Virginia Tech® home

Leveraging Large Language Models for Enhanced Software Security Analysis and Malware Detection

Researchers from William & Mary, George Mason University

Researchers will create an innovative framework leveraging Large Language Models (LLMs) and Retrieval-Augmented Generation (RAG) techniques to enhance software security analysis and malware detection for Android applications. 

By incorporating RAG techniques, the framework addresses the challenge of LLM “hallucinations” in domain-specific tasks, enhancing the reliability and accuracy of generated analyses.

Funded by CCI’s Coastal Virginia Node and Northern Virginia Node

Rationale

The proliferation of Android apps has led to an increase in potentially harmful software, making efficient and accurate security analysis crucial. 

Current methods rely heavily on human experts, which is time-consuming and limited in scope. While machine learning approaches show promise, they often lack explainability, hindering result verification.
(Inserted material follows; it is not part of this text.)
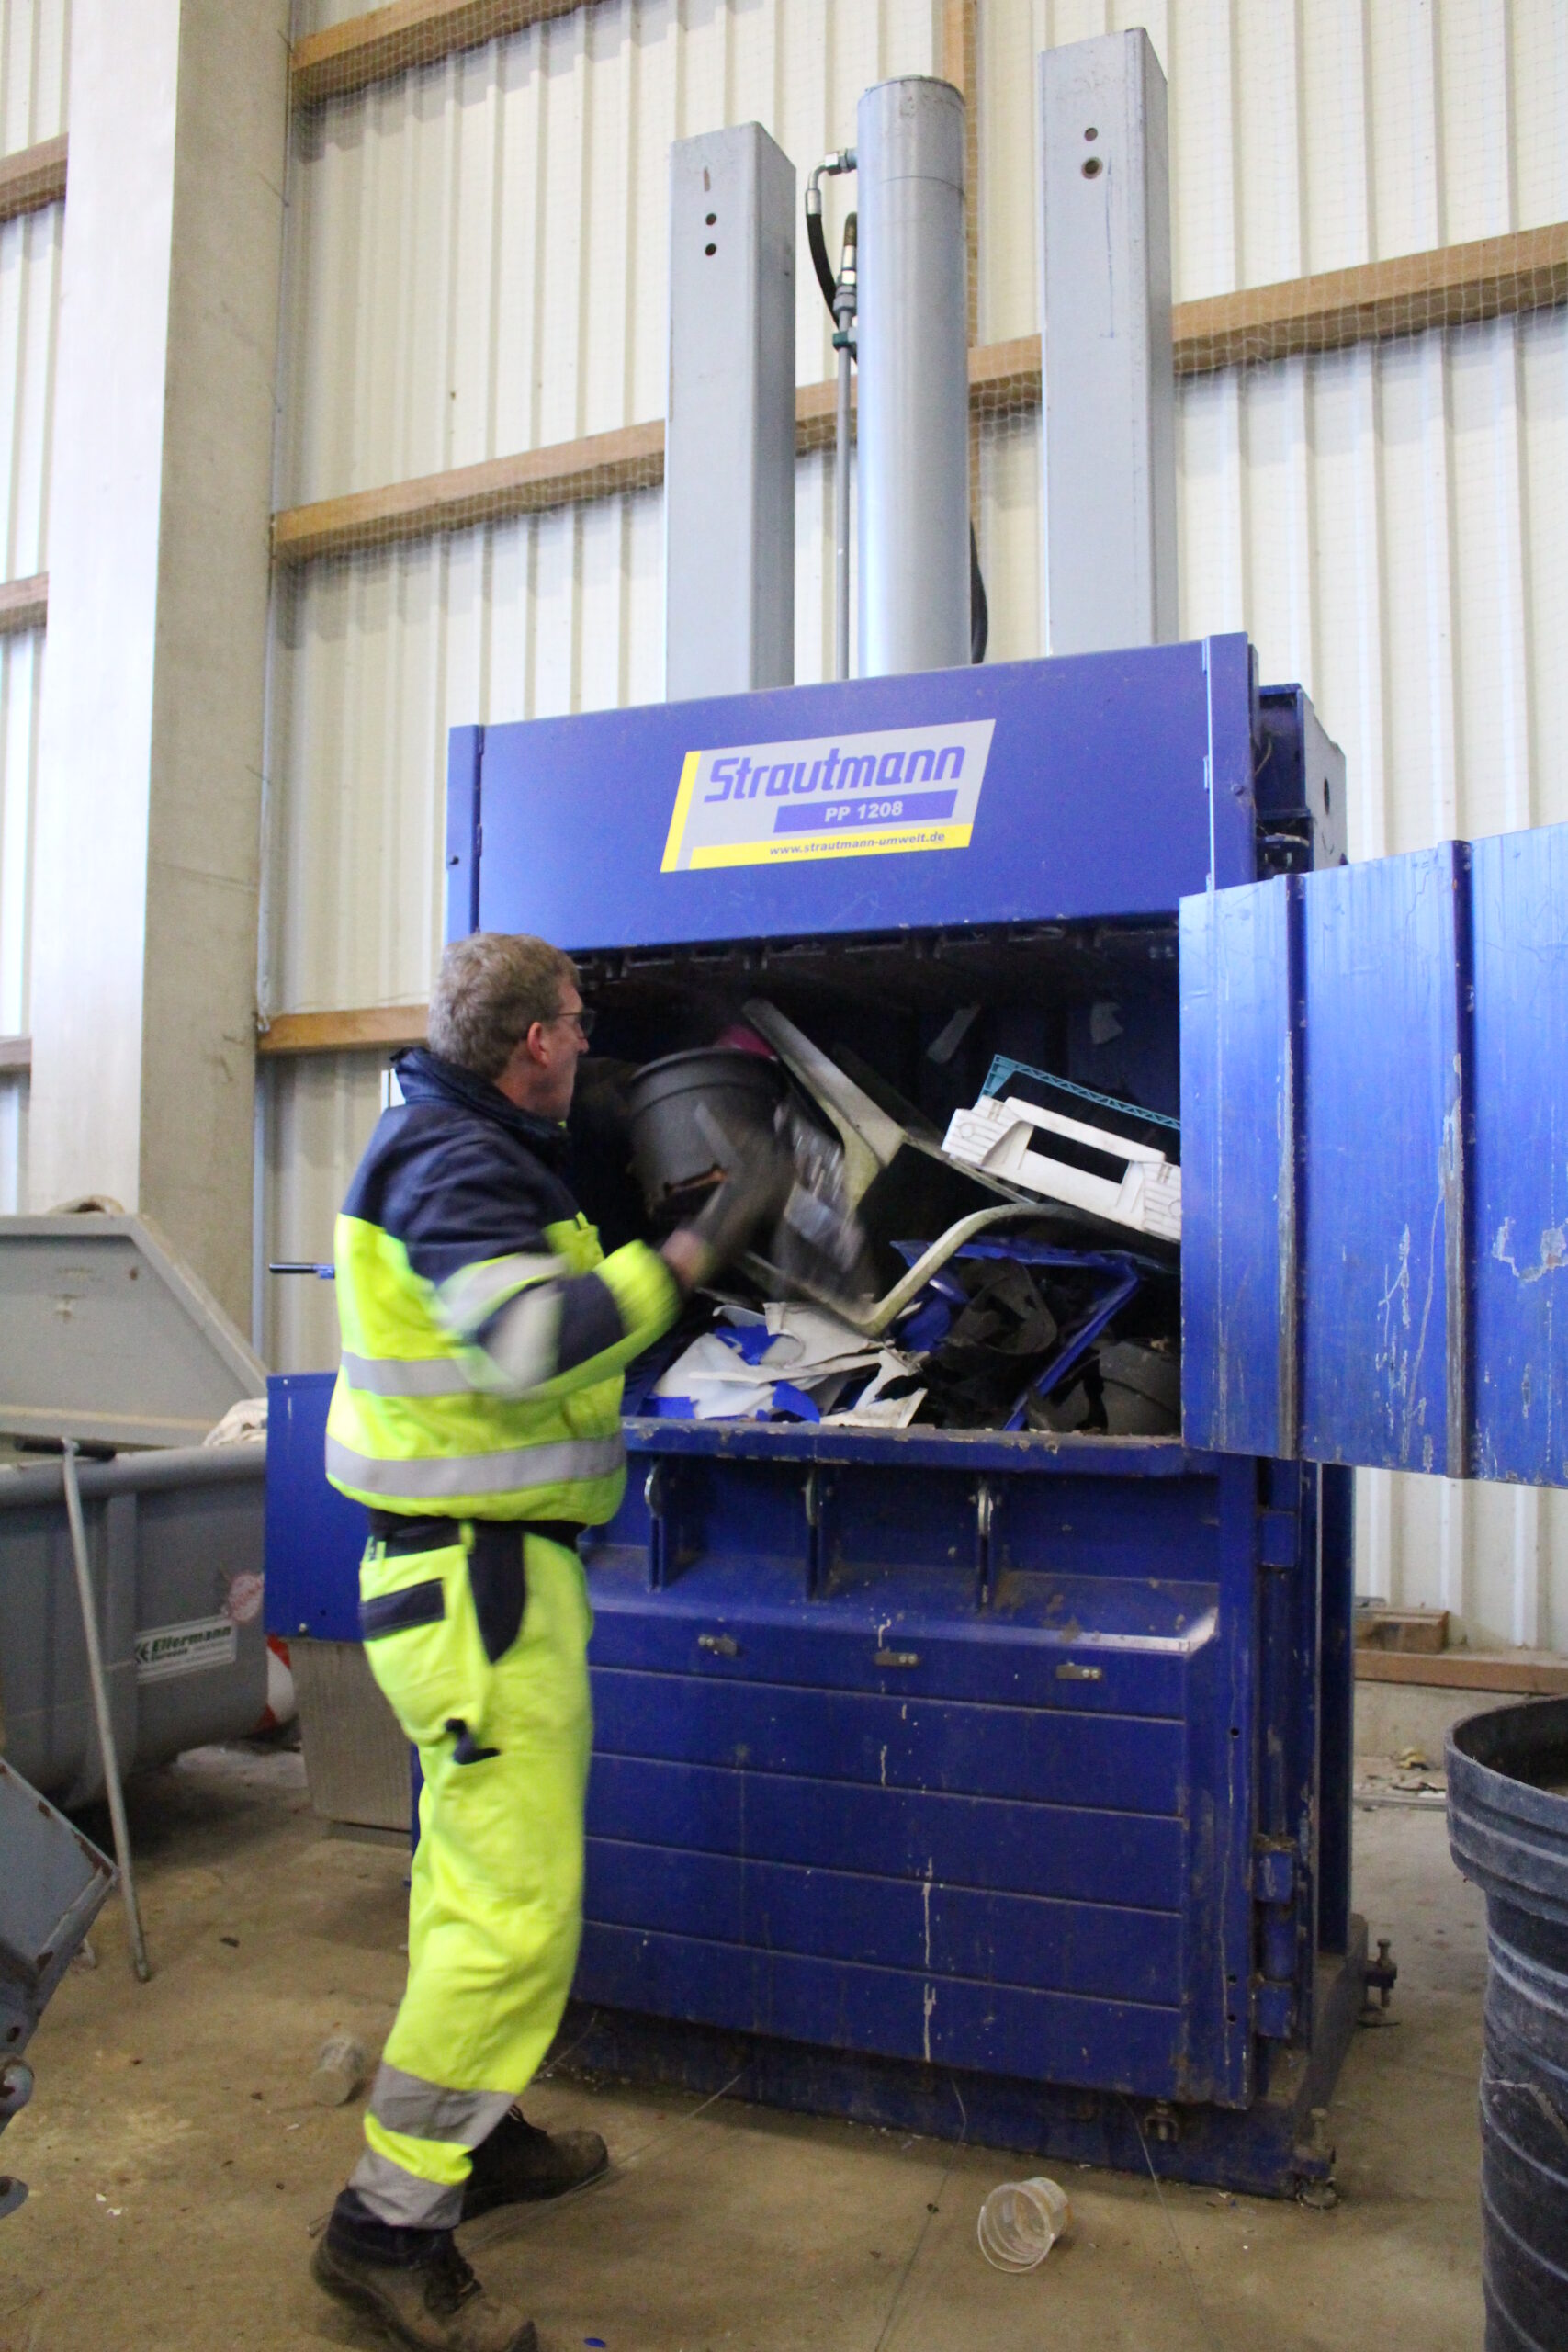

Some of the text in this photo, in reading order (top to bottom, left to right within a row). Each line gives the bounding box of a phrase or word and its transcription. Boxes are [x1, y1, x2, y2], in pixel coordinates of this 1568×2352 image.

[704, 746, 966, 803] Strautmann
[824, 800, 904, 822] PP 1208
[769, 831, 945, 855] www.strautmann-umwelt.de
The proposed framework aims to overcome these limitations by integrating LLMs with RAG systems to analyze Android application behavior. 

Projected Outcomes

Researchers will focus on identifying call graphs and data-flow graphs related to security queries, as well as isolating malicious code snippets from Android project source code. 

The project has the potential to revolutionize software security approaches by improving scalability, accuracy, and efficiency in Android application security analysis. 

By developing a system that can effectively extract hidden information from code and provide explainable results, this research contributes to creating more resilient and secure digital ecosystems.